Problem description: Omitting any pictures, transcribe the entries below exactly.

Data records:
§
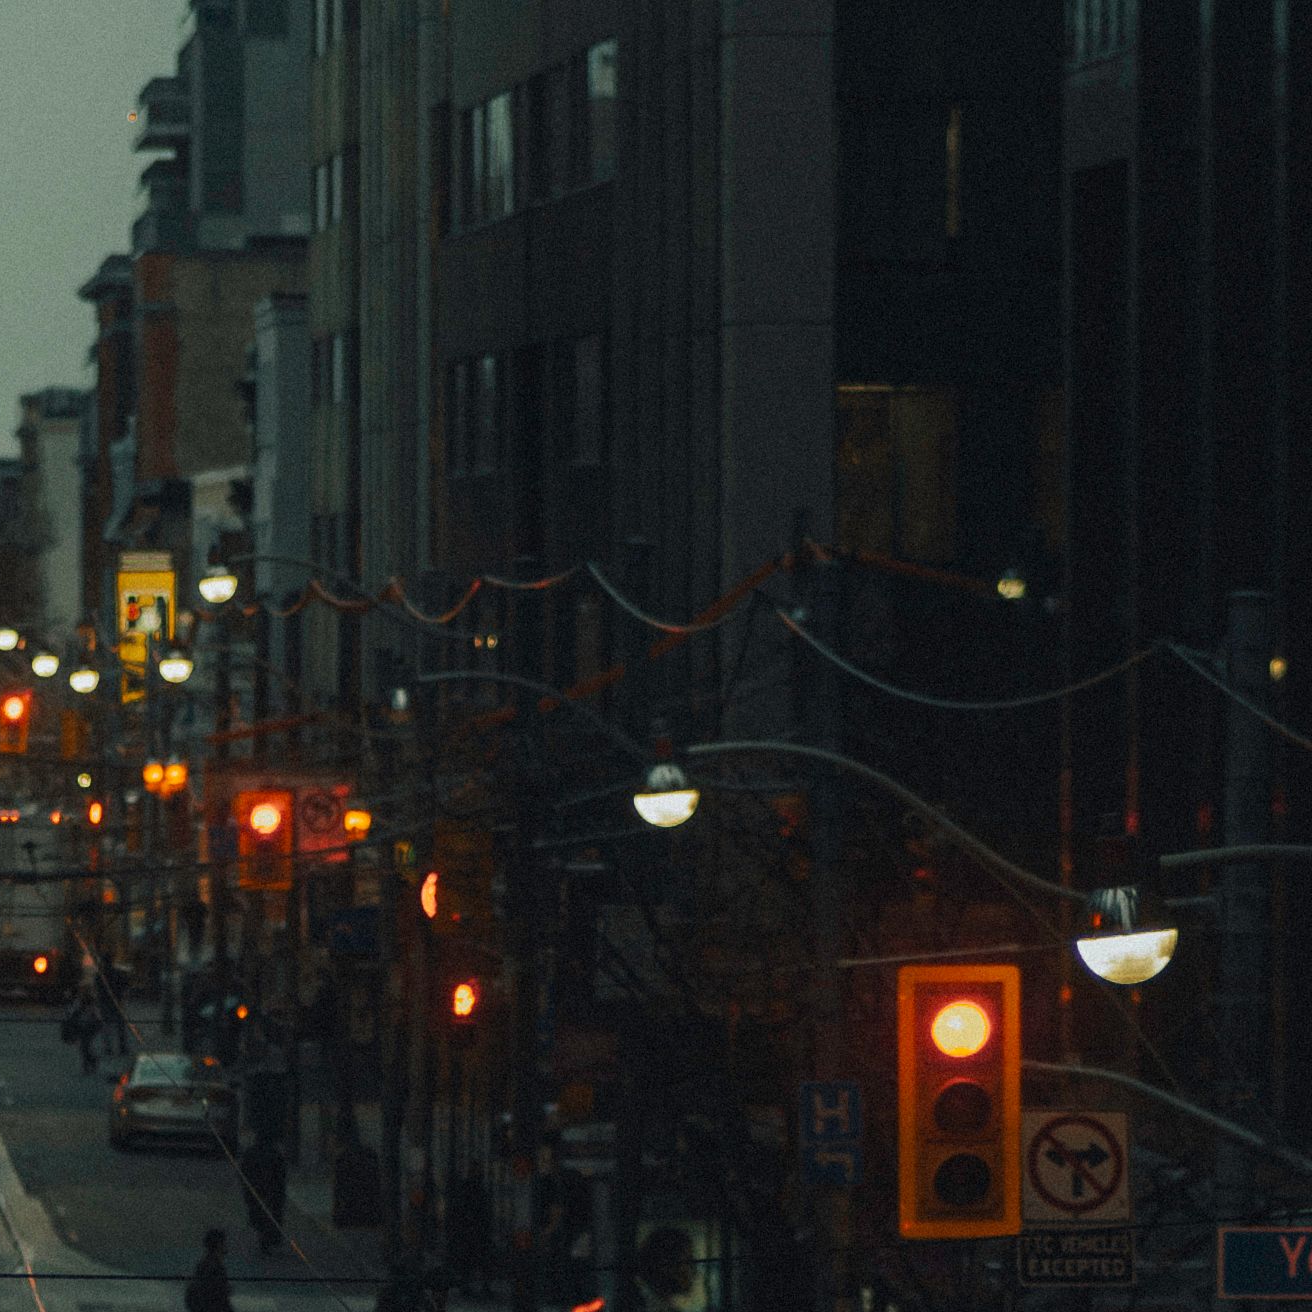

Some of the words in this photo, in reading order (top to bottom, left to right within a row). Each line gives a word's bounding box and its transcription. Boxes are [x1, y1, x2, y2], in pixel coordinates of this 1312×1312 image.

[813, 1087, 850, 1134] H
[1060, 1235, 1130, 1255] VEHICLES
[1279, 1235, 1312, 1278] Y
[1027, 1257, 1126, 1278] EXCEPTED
§
Solution for this problem:
Some of the words in this photo, in reading order (top to bottom, left to right within a row). Each line gives a word's bounding box and its transcription. Boxes are [x1, y1, x2, y2], in pixel coordinates of this 1312×1312 image.

[813, 1087, 850, 1134] H
[1060, 1235, 1130, 1255] VEHICLES
[1279, 1235, 1312, 1278] Y
[1027, 1257, 1126, 1278] EXCEPTED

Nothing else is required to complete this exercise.